テンプレートで Amazon S3 から Azure Data Lake Storage Gen2 に履歴データを移行するには
このテンプレート (
このテンプレートには、5 つのアクティビティが含まれています。
- Lookup は、外部コントロール テーブルからAzure Data Lake Storage Gen2にコピーされていないパーティションを取得します。 テーブル名は s3_partition_control_table で、テーブルからデータを読み込むクエリは "SELECT PartitionPrefix FROM s3_partition_control_table WHERE SuccessOrFailure = 0" です。
- ForEach では、Lookup アクティビティからパーティション一覧を取得し、各パーティションを TriggerCopy アクティビティに対して反復処理します。 複数の ADF コピー ジョブを同時に実行するように batchCount を設定できます。 このテンプレートでは、2 が設定されています。
- ExecutePipeline では、CopyFolderPartitionFromS3 パイプラインを実行します。 別のパイプラインを作成して各コピー ジョブでパーティションをコピーする理由は、失敗したコピー ジョブを再実行して、その特定のパーティションを AWS S3 から再度読み込むことが簡単になるためです。 他のパーティションを読み込む他のすべてのコピー ジョブには影響しません。
- Copy は AWS S3 から Azure Data Lake Storage Gen2 に各パーティションをコピーします。
- SqlServerStoredProcedure では、制御テーブル内の各パーティションのコピーの状態が更新されます。
このテンプレートには、次の 2 つのパラメーターが含まれています。
- AWS_S3_bucketName は、データの移行元の AWS S3 上にあるバケット名です。 AWS S3 上の複数のバケットからデータを移行する場合は、外部制御テーブルに 1 つ以上の列を追加して、パーティションごとにバケット名を格納することができます。また、その各列からデータを取得するように、パイプラインを更新できます。

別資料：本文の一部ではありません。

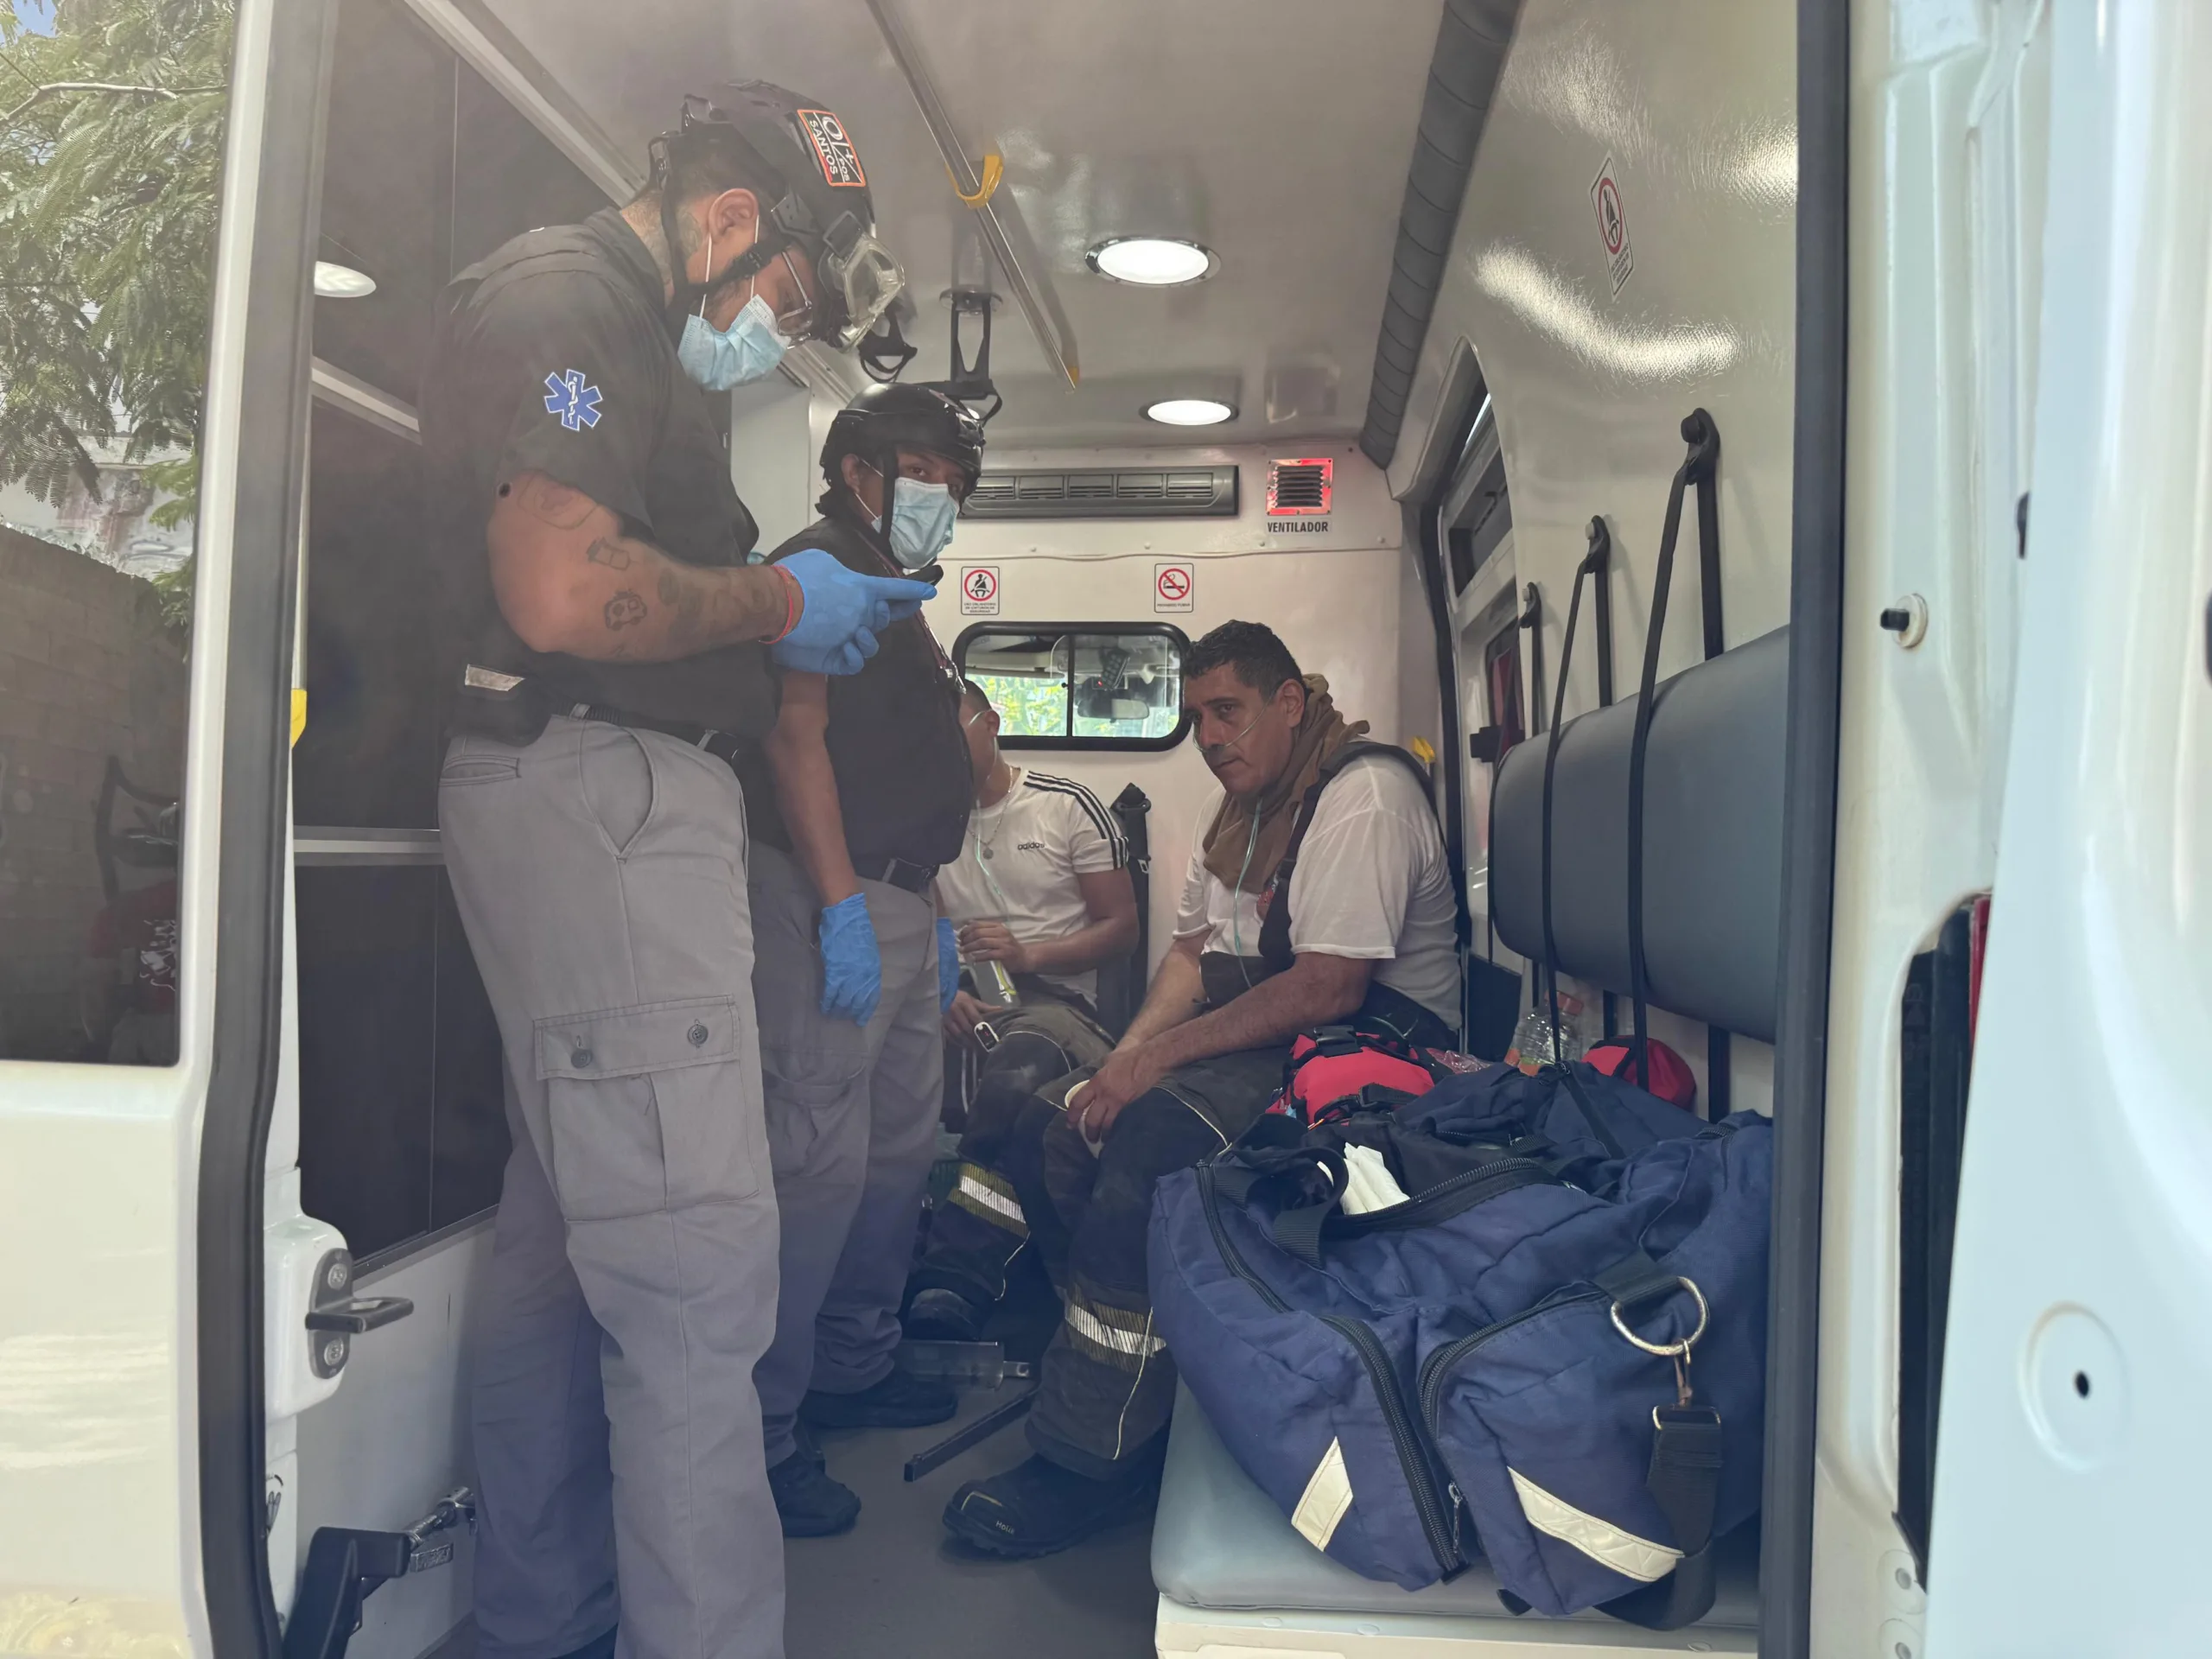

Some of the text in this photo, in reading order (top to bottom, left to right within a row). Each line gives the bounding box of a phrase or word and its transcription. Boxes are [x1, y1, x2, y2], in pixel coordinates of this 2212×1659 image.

[810, 119, 839, 175] SANTOS
[839, 158, 850, 181] POS
[1267, 521, 1329, 533] VENTILADOR

- Azure_Storage_fileSystem は、データの移行先Azure Data Lake Storage Gen2の fileSystem 名です。
テンプレートが変更されたファイルを Amazon S3 から Azure Data Lake Storage Gen2 にのみコピーする場合
このテンプレート (
このテンプレートには、次の 7 つのアクティビティが含まれています。
- Lookup では、パーティションを外部制御テーブルから取得します。 テーブル名は s3_partition_delta_control_table で、テーブルからデータを読み込むクエリは "select distinct PartitionPrefix from s3_partition_delta_control_table" です。

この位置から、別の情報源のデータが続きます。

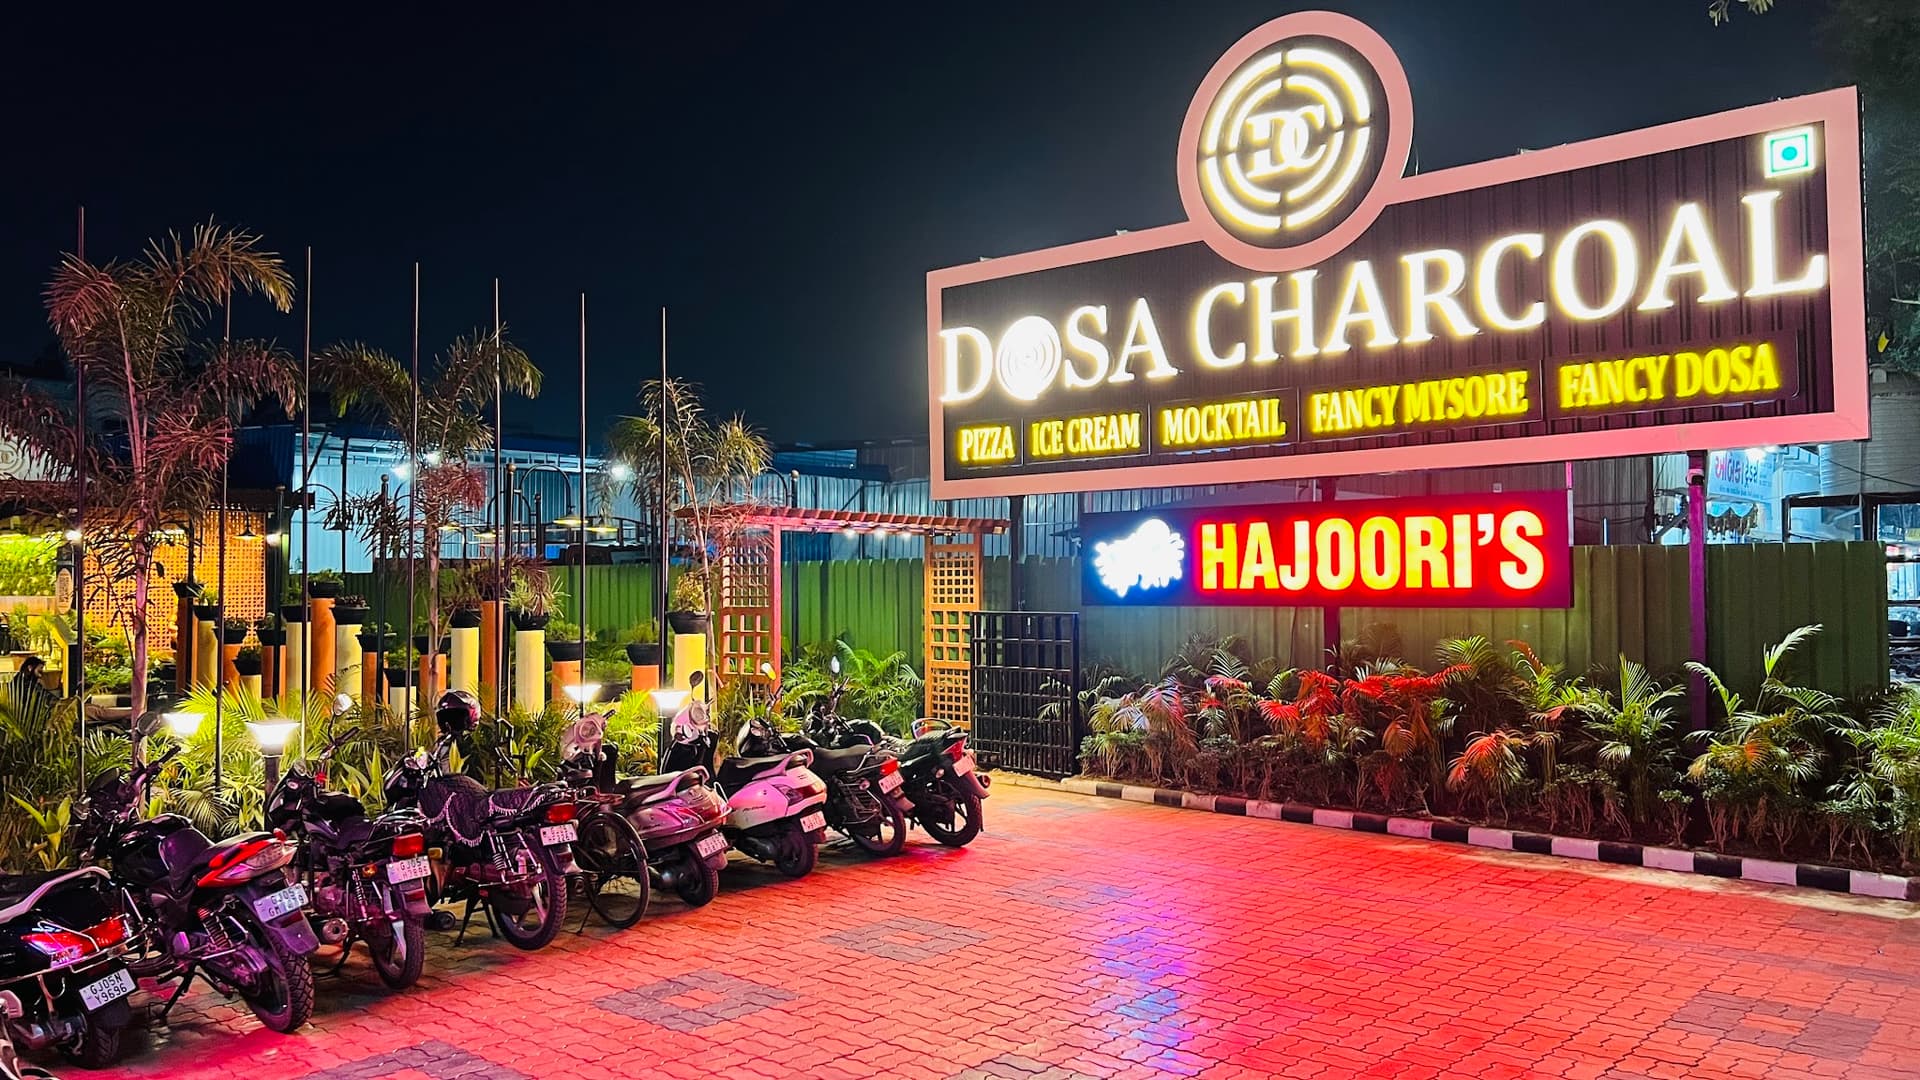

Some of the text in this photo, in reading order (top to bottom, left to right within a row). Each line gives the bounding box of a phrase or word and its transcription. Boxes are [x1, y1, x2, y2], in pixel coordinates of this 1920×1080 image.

[940, 189, 1827, 403] DOSA CHARCOAL
[1560, 344, 1779, 410] FANCY DOSA
[1163, 398, 1286, 446] MOCKTAIL
[1312, 370, 1529, 434] FANCY MYSORE
[960, 426, 1015, 463] PIZZA
[1032, 413, 1140, 456] ICE CREAM
[1201, 510, 1544, 591] HAJOORI’S
[271, 887, 296, 905] GJ05
[90, 972, 122, 995] GJ05N
[95, 983, 128, 1005] Y9696

- ForEach では、パーティション一覧を Lookup アクティビティから取得し、各パーティションが TriggerDeltaCopy アクティビティに対して反復処理します。 複数の ADF コピー ジョブを同時に実行するように batchCount を設定できます。 このテンプレートでは、2 が設定されています。
- ExecutePipeline では、DeltaCopyFolderPartitionFromS3 パイプラインを実行します。 別のパイプラインを作成して各コピー ジョブでパーティションをコピーする理由は、失敗したコピー ジョブを再実行して、その特定のパーティションを AWS S3 から再度読み込むことが簡単になるためです。 他のパーティションを読み込む他のすべてのコピー ジョブには影響しません。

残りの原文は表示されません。